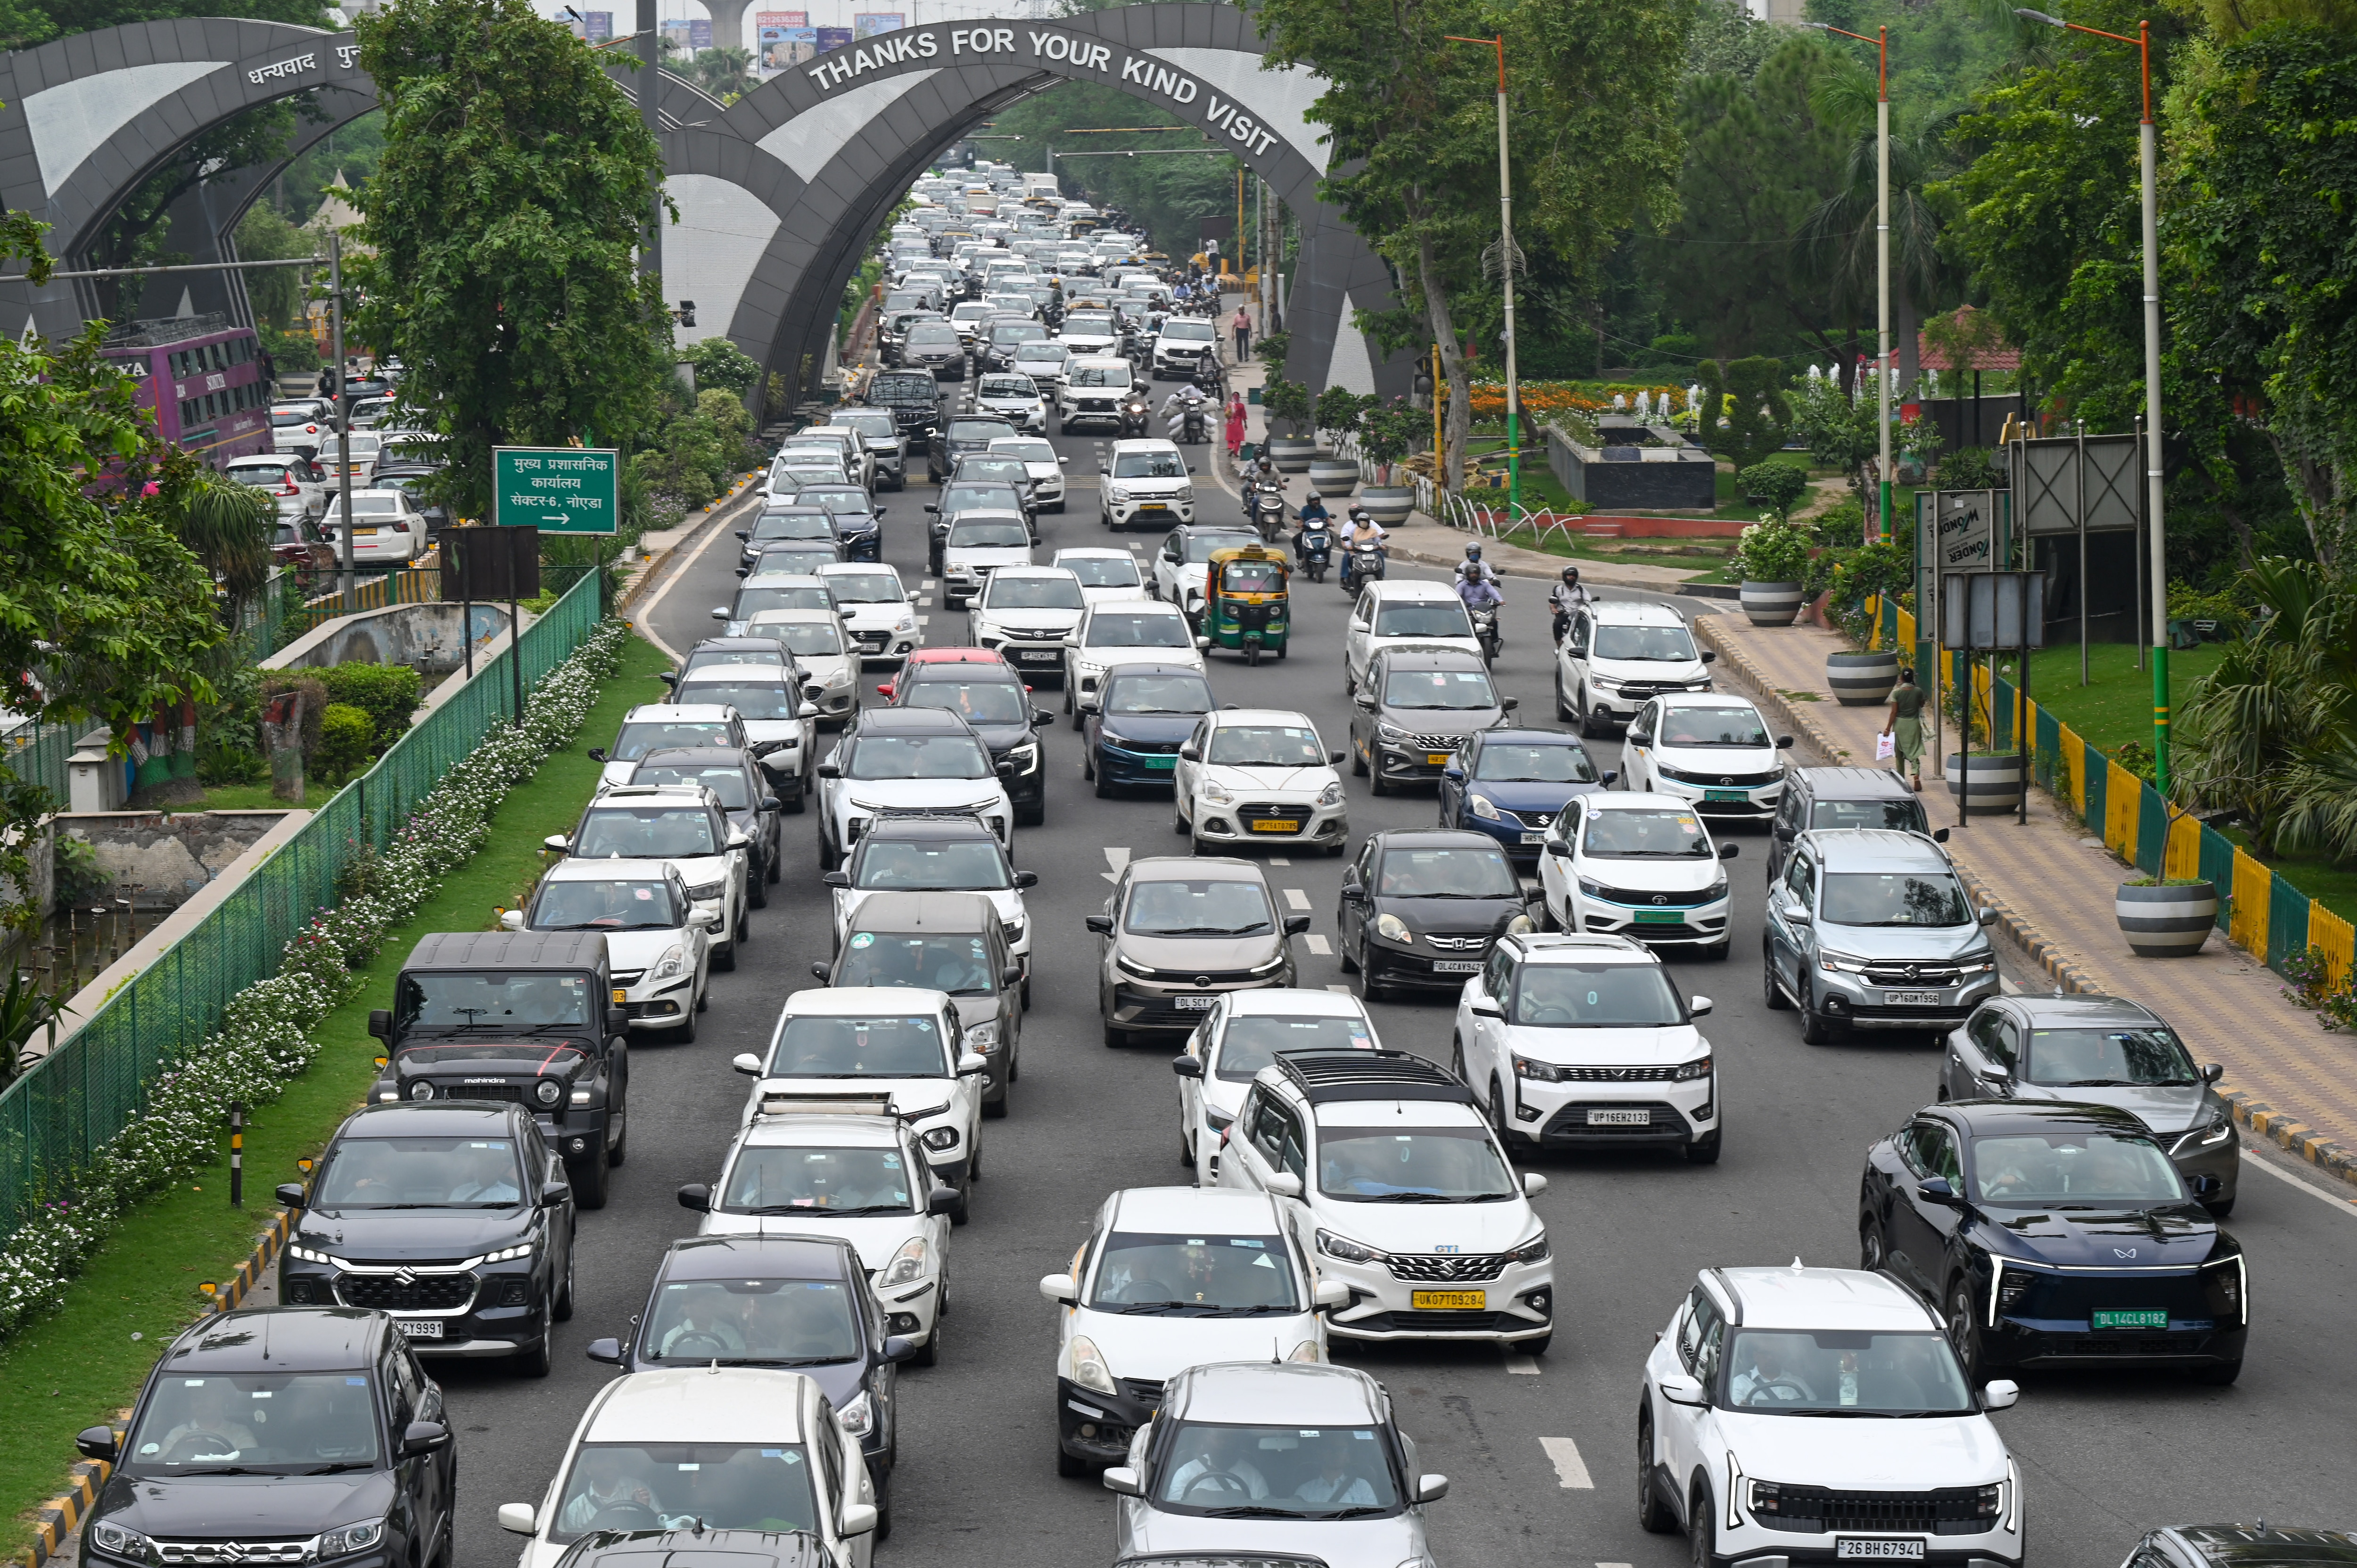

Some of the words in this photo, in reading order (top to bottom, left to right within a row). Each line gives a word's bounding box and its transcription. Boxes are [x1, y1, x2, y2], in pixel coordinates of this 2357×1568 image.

[248, 53, 316, 84] धन्यवाद
[808, 33, 938, 90] THANKS
[952, 28, 1015, 55] FOR
[1028, 32, 1111, 72] YOUR
[1121, 56, 1197, 103] KIND
[1207, 95, 1278, 156] VISIT
[513, 459, 541, 473] मुख्य
[548, 457, 608, 470] प्रशासनिक
[531, 475, 581, 489] कार्यालय
[510, 492, 561, 508] सेक्टर-6,
[566, 494, 602, 510] नोएडा
[1180, 998, 1190, 1006] DL
[1193, 998, 1207, 1007] 5CY
[1593, 1113, 1648, 1122] UP16EH2133
[1435, 1245, 1459, 1253] GTi
[1419, 1294, 1484, 1306] UK07TD9284
[2100, 1314, 2166, 1325] DL14CL8182

**Task prompt**
Copy out the listing above exactly, and keep the pictures out of it.

**Answer space**
Some of the words in this photo, in reading order (top to bottom, left to right within a row). Each line gives a word's bounding box and its transcription. Boxes are [x1, y1, x2, y2], in pixel coordinates of this 2357×1568 image.

[248, 53, 316, 84] धन्यवाद
[808, 33, 938, 90] THANKS
[952, 28, 1015, 55] FOR
[1028, 32, 1111, 72] YOUR
[1121, 56, 1197, 103] KIND
[1207, 95, 1278, 156] VISIT
[513, 459, 541, 473] मुख्य
[548, 457, 608, 470] प्रशासनिक
[531, 475, 581, 489] कार्यालय
[510, 492, 561, 508] सेक्टर-6,
[566, 494, 602, 510] नोएडा
[1180, 998, 1190, 1006] DL
[1193, 998, 1207, 1007] 5CY
[1593, 1113, 1648, 1122] UP16EH2133
[1435, 1245, 1459, 1253] GTi
[1419, 1294, 1484, 1306] UK07TD9284
[2100, 1314, 2166, 1325] DL14CL8182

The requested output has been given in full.